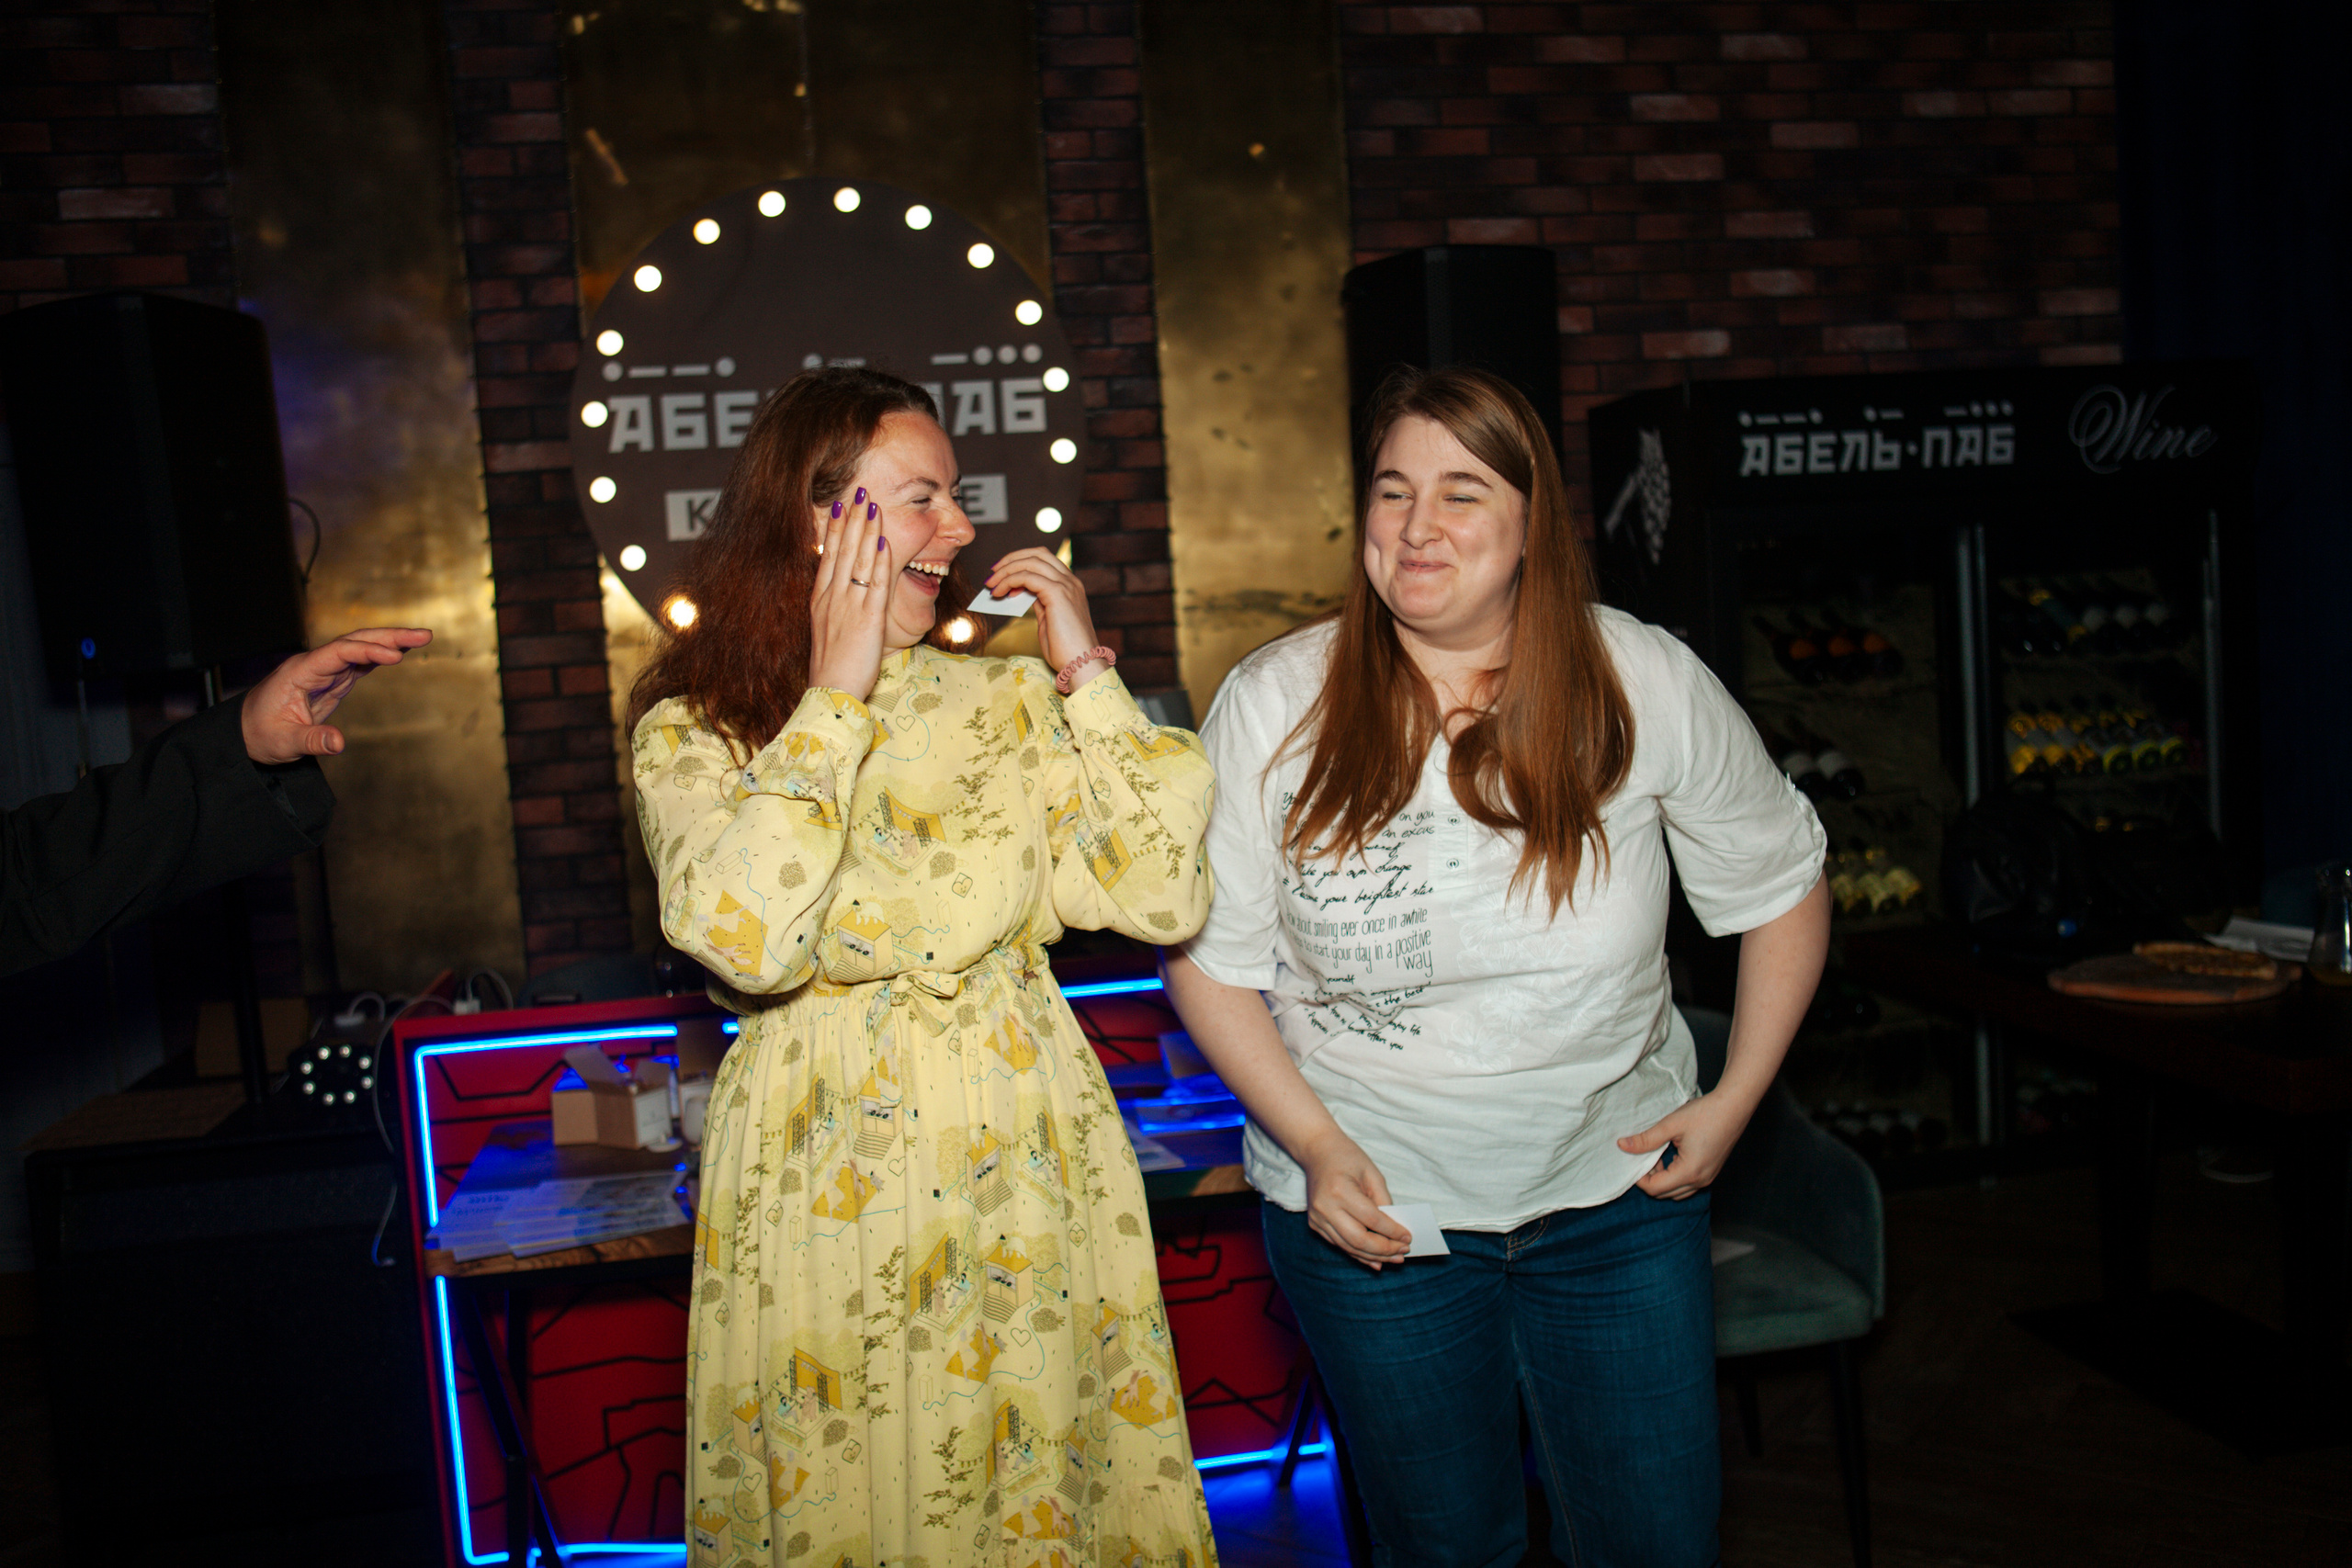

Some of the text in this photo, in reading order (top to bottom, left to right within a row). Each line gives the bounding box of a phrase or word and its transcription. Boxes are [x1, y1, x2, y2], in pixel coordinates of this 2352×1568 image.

[2068, 383, 2219, 475] Wine
[1399, 812, 1412, 822] on
[1416, 810, 1435, 826] you
[1382, 829, 1396, 839] an
[1340, 921, 1359, 937] ever
[1362, 918, 1385, 935] once
[1388, 913, 1396, 930] in
[1400, 908, 1428, 928] awhile
[1331, 946, 1352, 969] your
[1355, 942, 1373, 974] day
[1374, 940, 1384, 961] in
[1386, 942, 1393, 959] a
[1396, 929, 1431, 969] positive
[1403, 950, 1433, 978] way
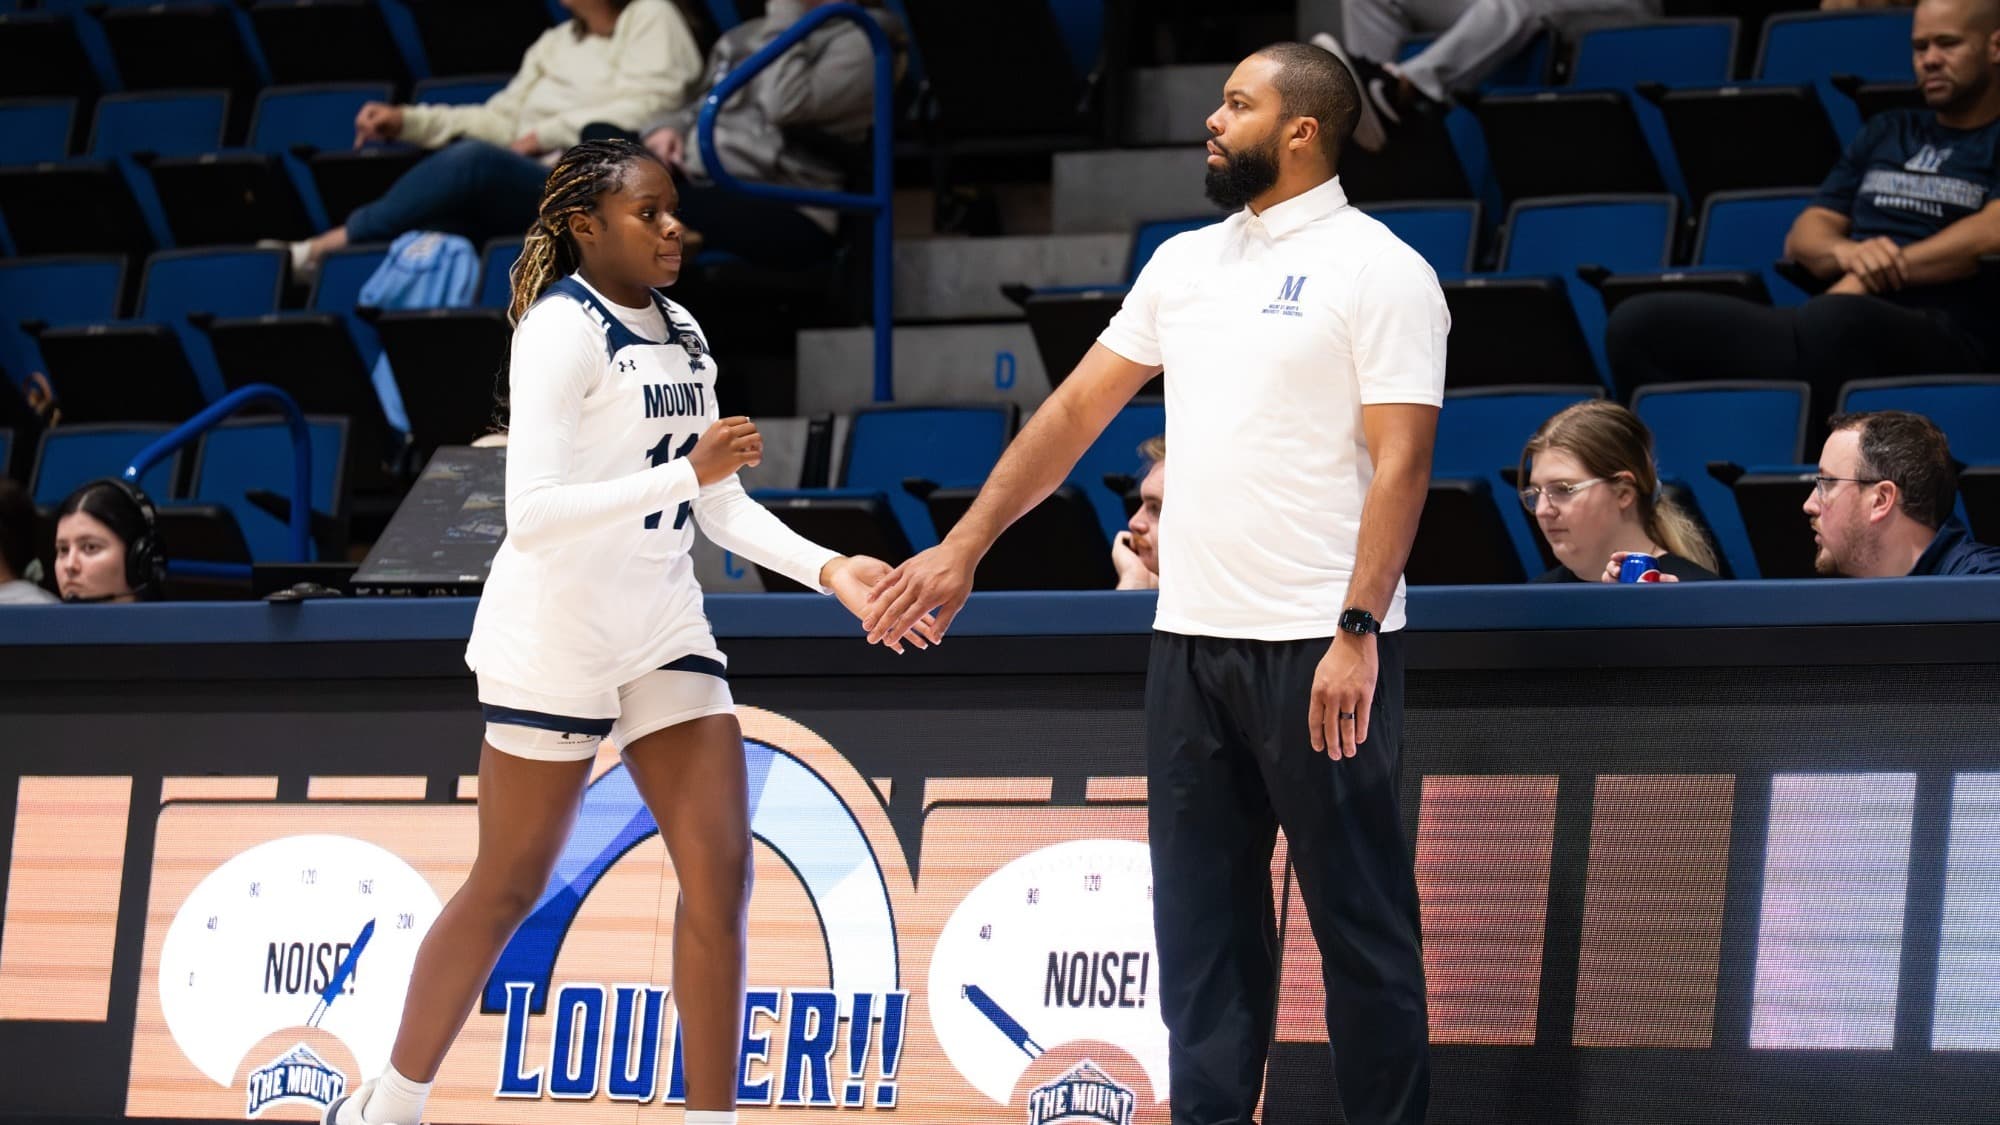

PROBLEM DESCRIPTION.
Your job is to transcribe the entries above exactly; skip the pictures.

RESPONSE BOX.
Some of the text in this photo, in reading order (top to bottom, left to right within a row). Each line gives the bounding box of a phrase or word and its transcription. Boxes are [x1, y1, x2, y2], in pixel coordinates of this 2352×1568 image.

[2068, 383, 2219, 475] Wine
[1399, 812, 1412, 822] on
[1416, 810, 1435, 826] you
[1382, 829, 1396, 839] an
[1340, 921, 1359, 937] ever
[1362, 918, 1385, 935] once
[1388, 913, 1396, 930] in
[1400, 908, 1428, 928] awhile
[1331, 946, 1352, 969] your
[1355, 942, 1373, 974] day
[1374, 940, 1384, 961] in
[1386, 942, 1393, 959] a
[1396, 929, 1431, 969] positive
[1403, 950, 1433, 978] way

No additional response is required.